◆ WORK REQUIRED ◆
Could you transcribe exactly the lines from the one containing "this 1288×966 image." through the end of the listing below, both included, but none of the pictures?
>>>>
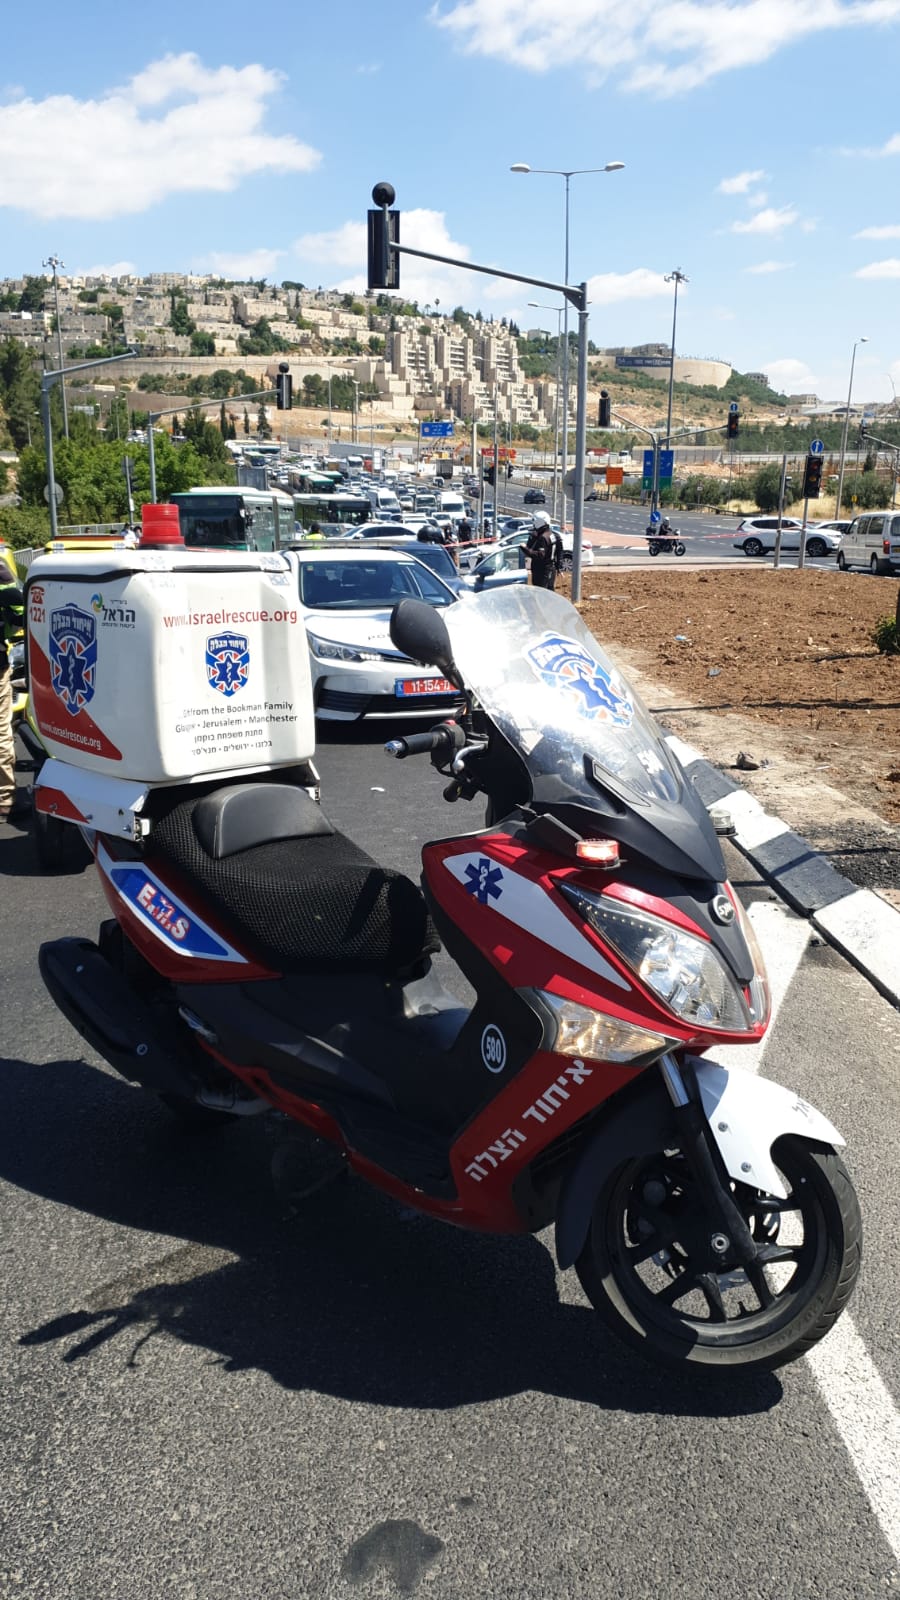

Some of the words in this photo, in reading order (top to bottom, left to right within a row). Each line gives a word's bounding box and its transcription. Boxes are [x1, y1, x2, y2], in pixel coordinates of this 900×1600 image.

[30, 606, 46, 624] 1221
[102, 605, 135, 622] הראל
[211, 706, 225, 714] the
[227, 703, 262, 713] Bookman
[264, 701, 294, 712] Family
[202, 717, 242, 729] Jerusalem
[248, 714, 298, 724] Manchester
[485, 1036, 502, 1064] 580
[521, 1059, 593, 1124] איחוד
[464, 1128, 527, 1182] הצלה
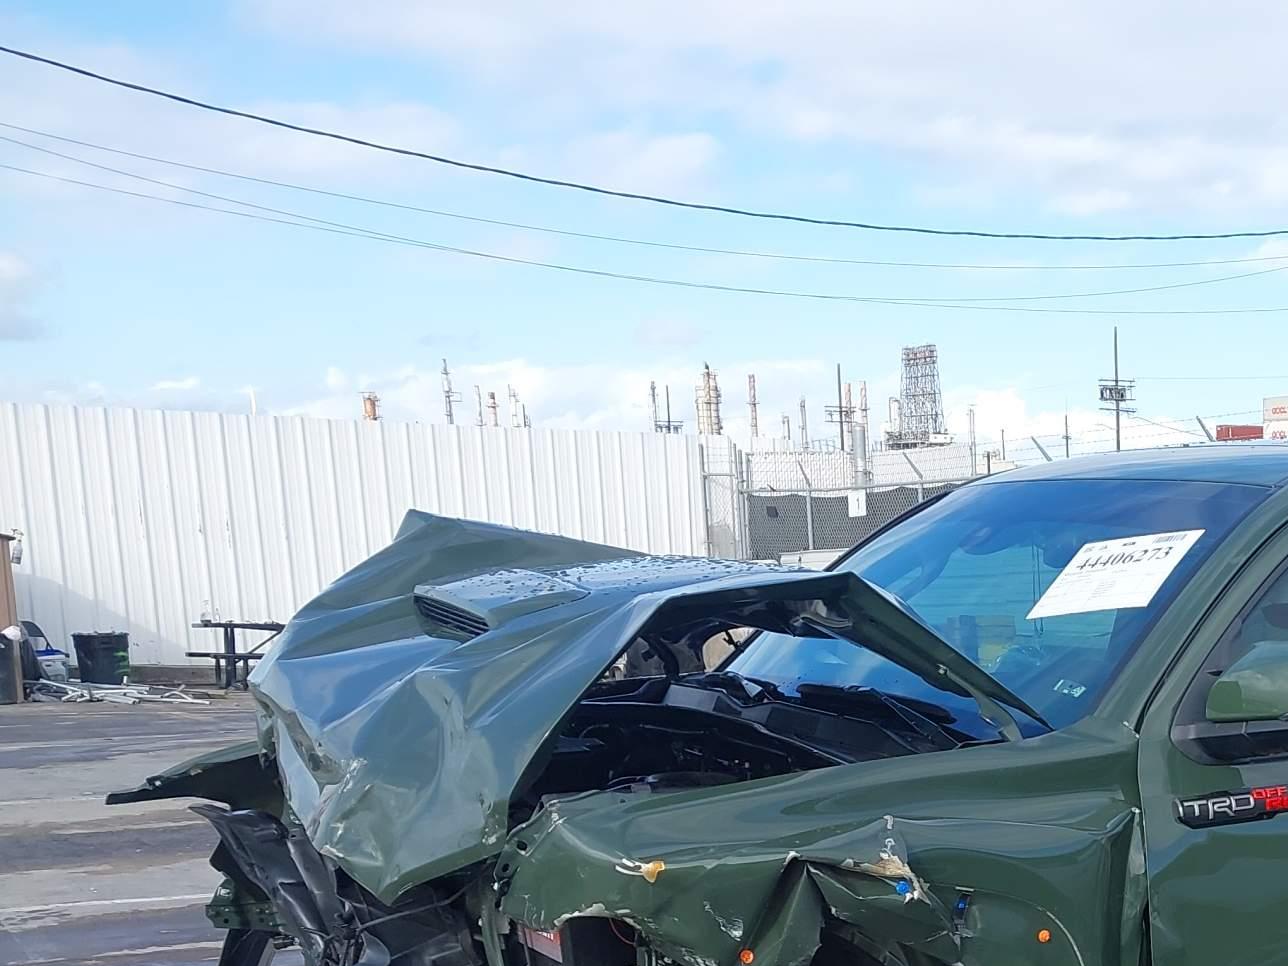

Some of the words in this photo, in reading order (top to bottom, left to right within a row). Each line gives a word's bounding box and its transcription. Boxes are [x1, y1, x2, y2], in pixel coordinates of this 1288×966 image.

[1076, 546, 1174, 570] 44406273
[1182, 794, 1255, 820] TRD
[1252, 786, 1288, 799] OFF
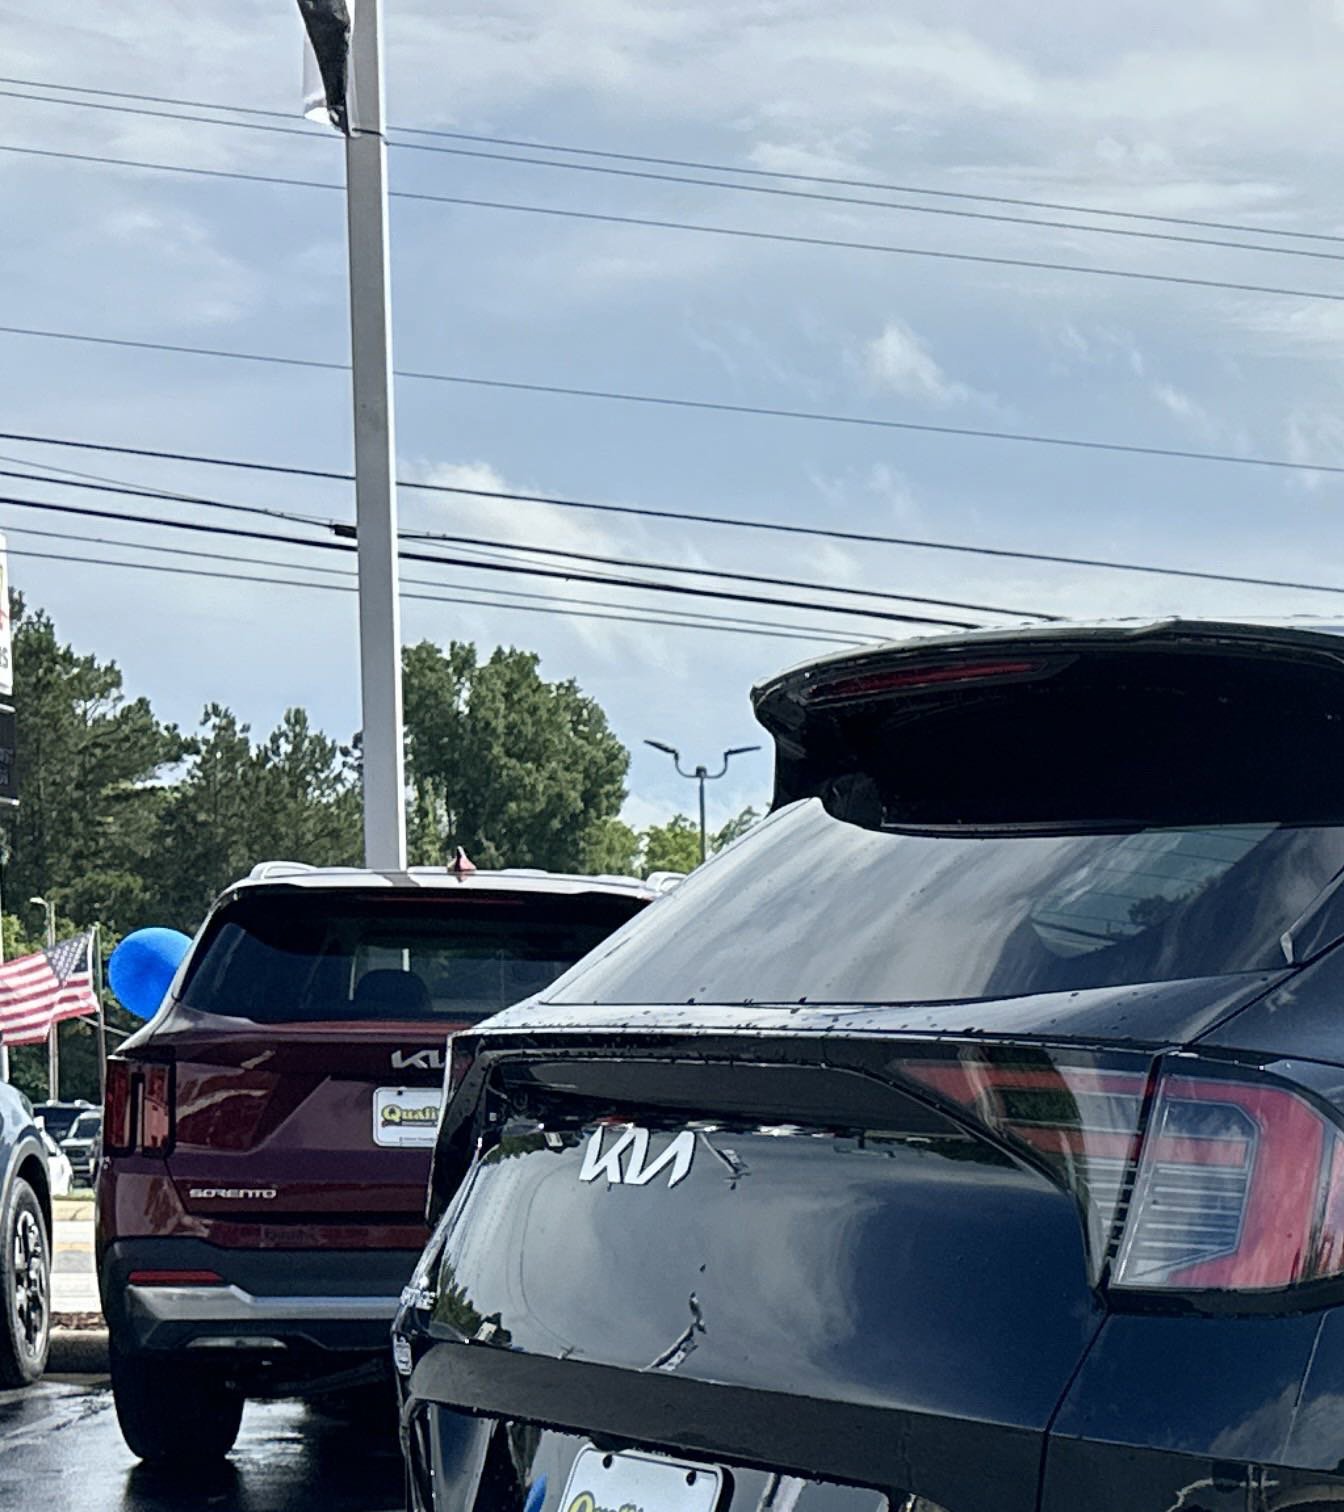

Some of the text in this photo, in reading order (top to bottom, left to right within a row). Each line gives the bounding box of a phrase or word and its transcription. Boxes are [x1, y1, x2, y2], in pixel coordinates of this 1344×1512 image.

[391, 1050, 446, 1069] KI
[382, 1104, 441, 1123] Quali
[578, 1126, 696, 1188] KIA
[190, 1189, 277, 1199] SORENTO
<<<<
◆ RESULT OF THE EXERCISE ◆
Some of the words in this photo, in reading order (top to bottom, left to right within a row). Each line gives a word's bounding box and its transcription. Boxes are [x1, y1, x2, y2], in pixel coordinates of this 1288×966 image.

[1076, 546, 1174, 570] 44406273
[1182, 794, 1255, 820] TRD
[1252, 786, 1288, 799] OFF

Some of the text in this photo, in reading order (top to bottom, left to right within a row). Each line gives the bounding box of a phrase or word and its transcription. Boxes are [x1, y1, x2, y2], in pixel coordinates of this 1344×1512 image.

[391, 1050, 446, 1069] KI
[382, 1104, 441, 1123] Quali
[578, 1126, 696, 1188] KIA
[190, 1189, 277, 1199] SORENTO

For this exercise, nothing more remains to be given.